• **Your goal**:
Would you return the data exactly as given, except for its pictures?
== Listed records
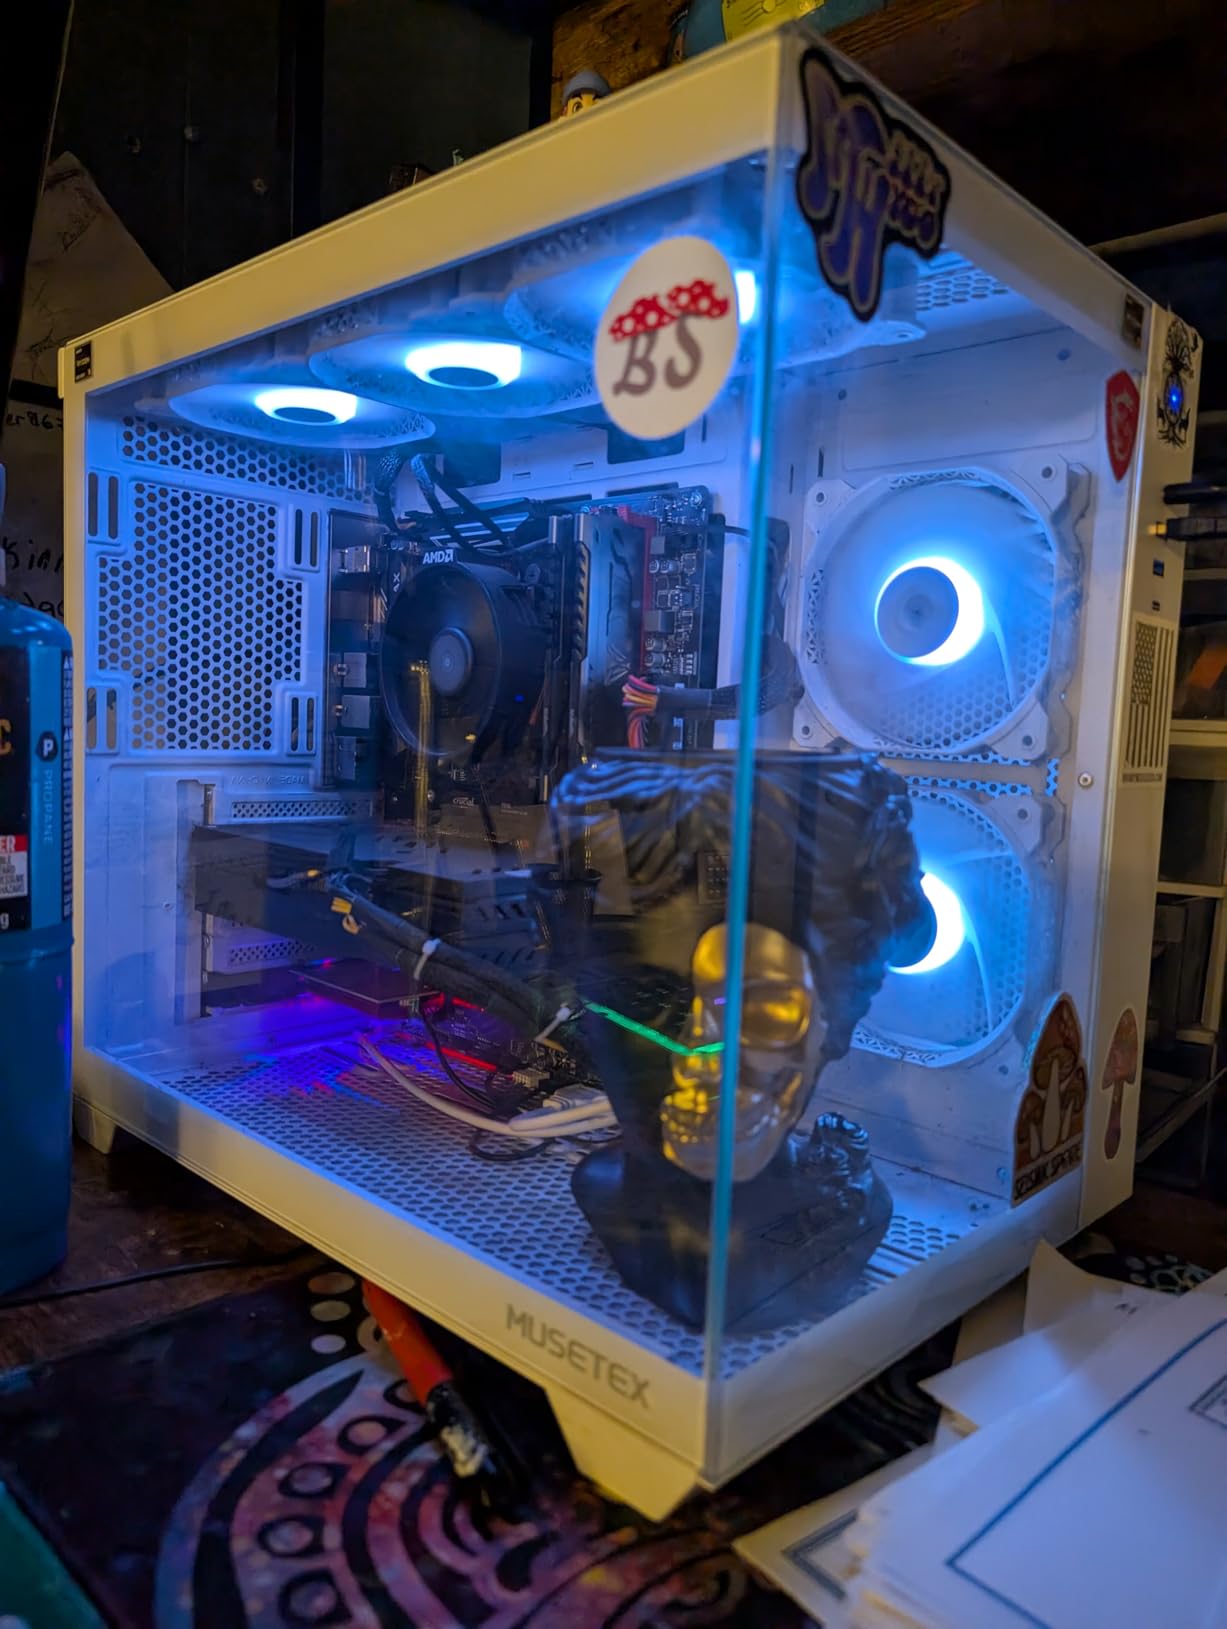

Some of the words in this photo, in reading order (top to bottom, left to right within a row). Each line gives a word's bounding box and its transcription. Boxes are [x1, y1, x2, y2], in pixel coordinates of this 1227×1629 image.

[611, 303, 708, 396] BS
[423, 550, 449, 564] AMD
[43, 769, 54, 843] PROPANE
[506, 1303, 649, 1408] MUSETEX
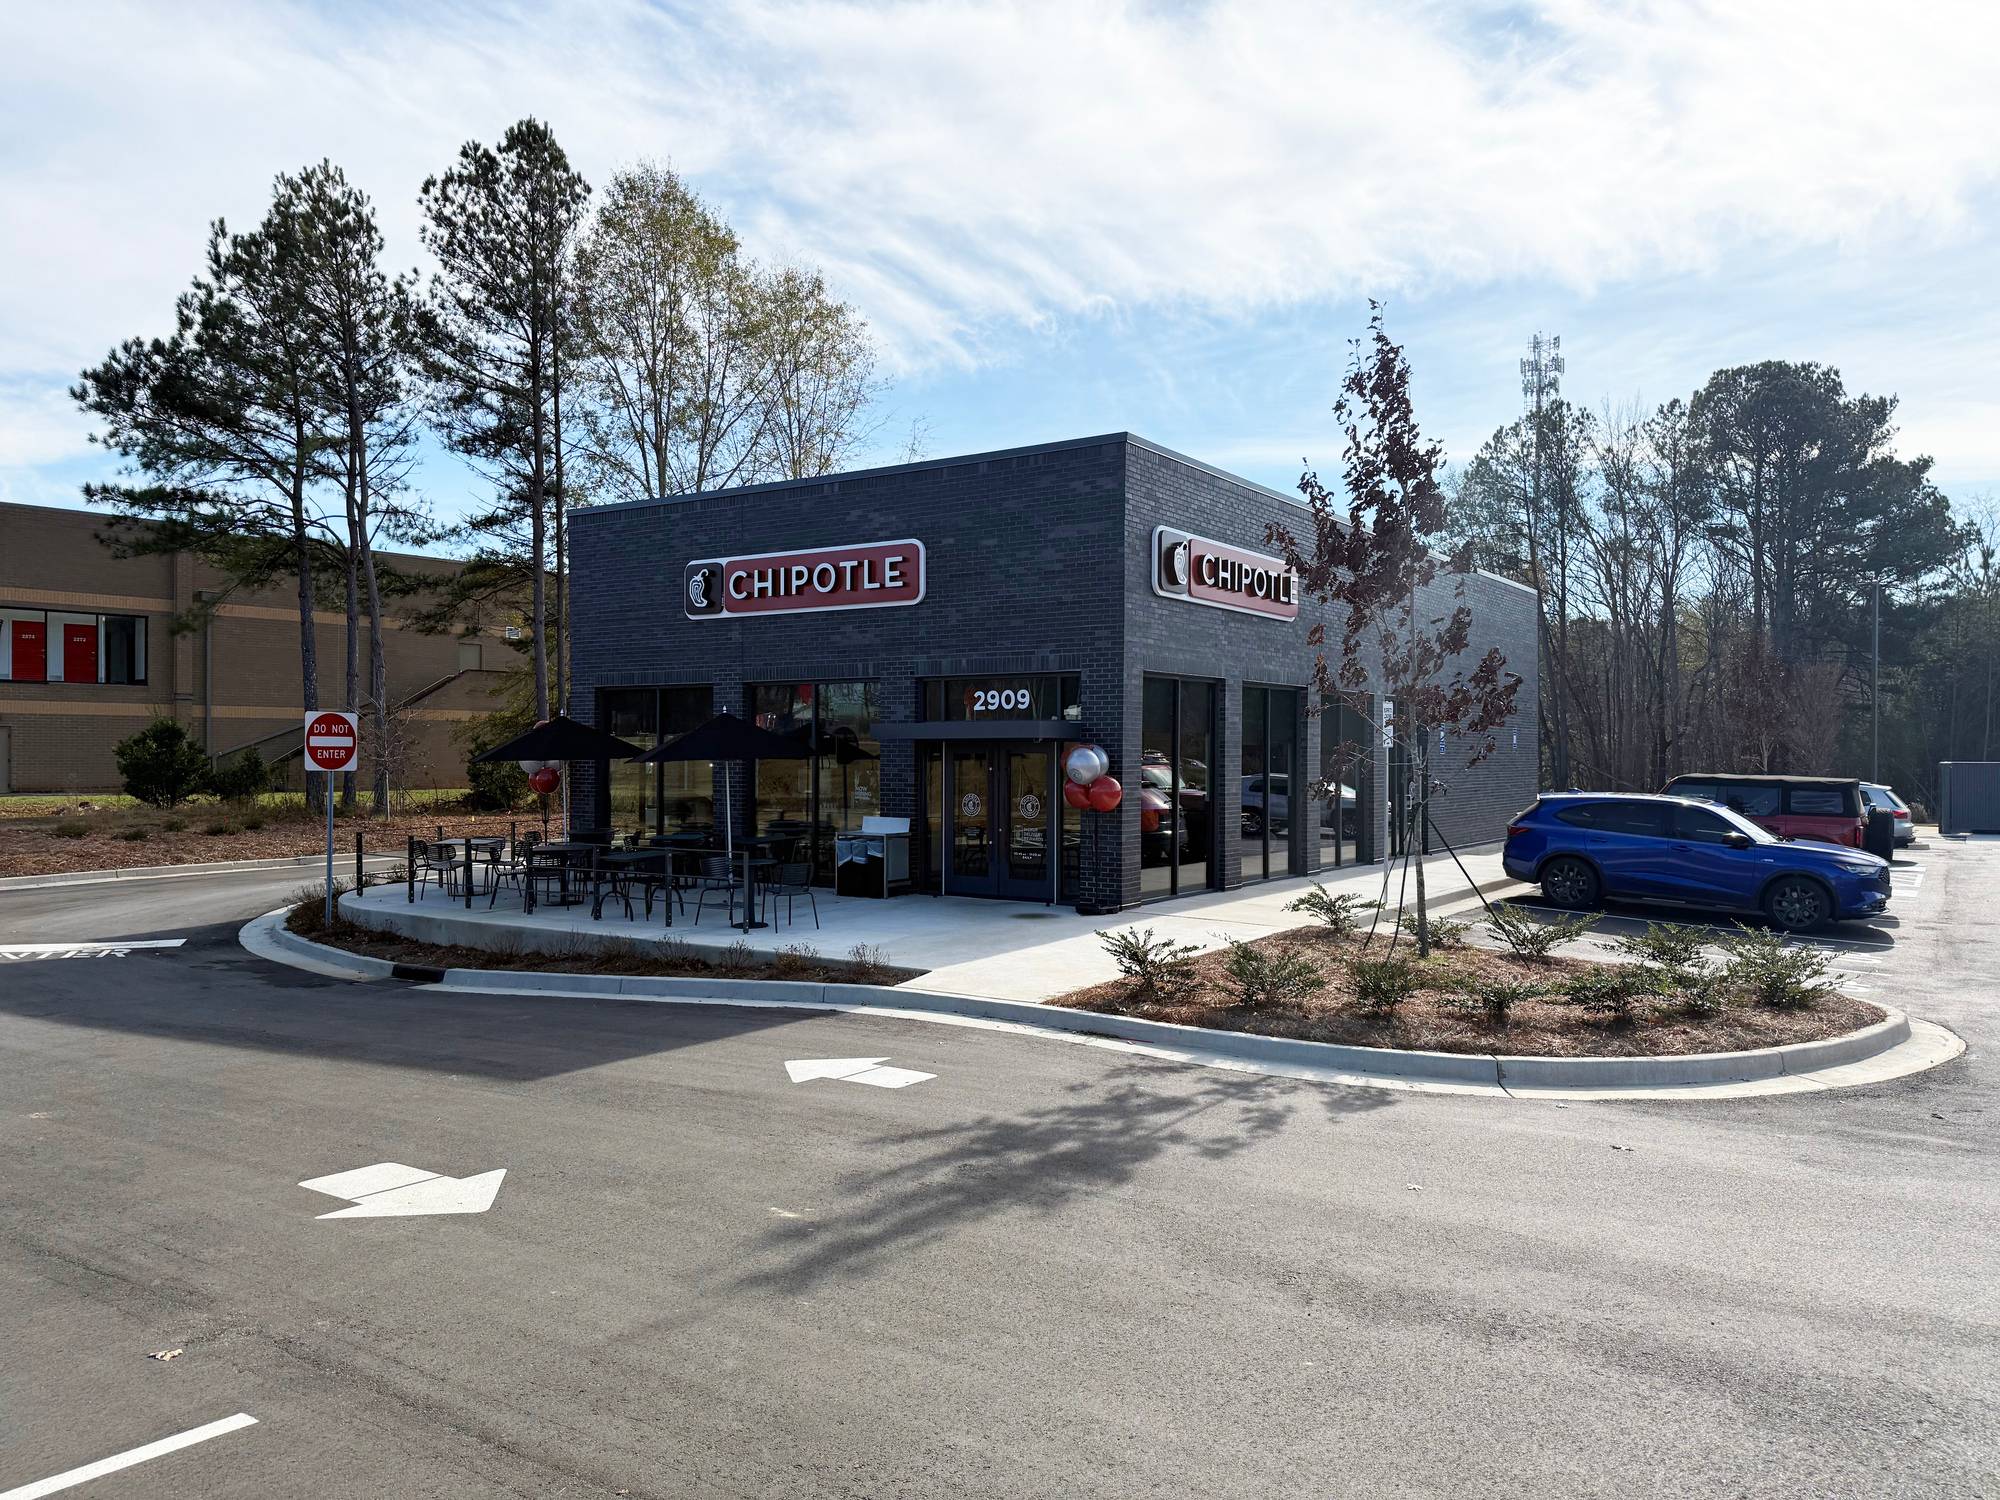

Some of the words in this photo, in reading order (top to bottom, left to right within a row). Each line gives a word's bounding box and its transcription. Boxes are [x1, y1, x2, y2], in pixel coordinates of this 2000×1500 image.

[728, 556, 904, 600] CHIPOTLE
[1202, 552, 1299, 605] CHIPOTLE
[973, 689, 1030, 711] 2909
[313, 724, 327, 734] DO
[331, 724, 349, 734] NOT
[317, 749, 346, 759] ENTER
[0, 949, 131, 959] NTER
====
• **Task response**:
Some of the words in this photo, in reading order (top to bottom, left to right within a row). Each line gives a word's bounding box and its transcription. Boxes are [x1, y1, x2, y2], in pixel coordinates of this 1227×1629 image.

[611, 303, 708, 396] BS
[423, 550, 449, 564] AMD
[43, 769, 54, 843] PROPANE
[506, 1303, 649, 1408] MUSETEX

Some of the words in this photo, in reading order (top to bottom, left to right within a row). Each line gives a word's bounding box and its transcription. Boxes are [x1, y1, x2, y2], in pixel coordinates of this 2000×1500 image.

[728, 556, 904, 600] CHIPOTLE
[1202, 552, 1299, 605] CHIPOTLE
[973, 689, 1030, 711] 2909
[313, 724, 327, 734] DO
[331, 724, 349, 734] NOT
[317, 749, 346, 759] ENTER
[0, 949, 131, 959] NTER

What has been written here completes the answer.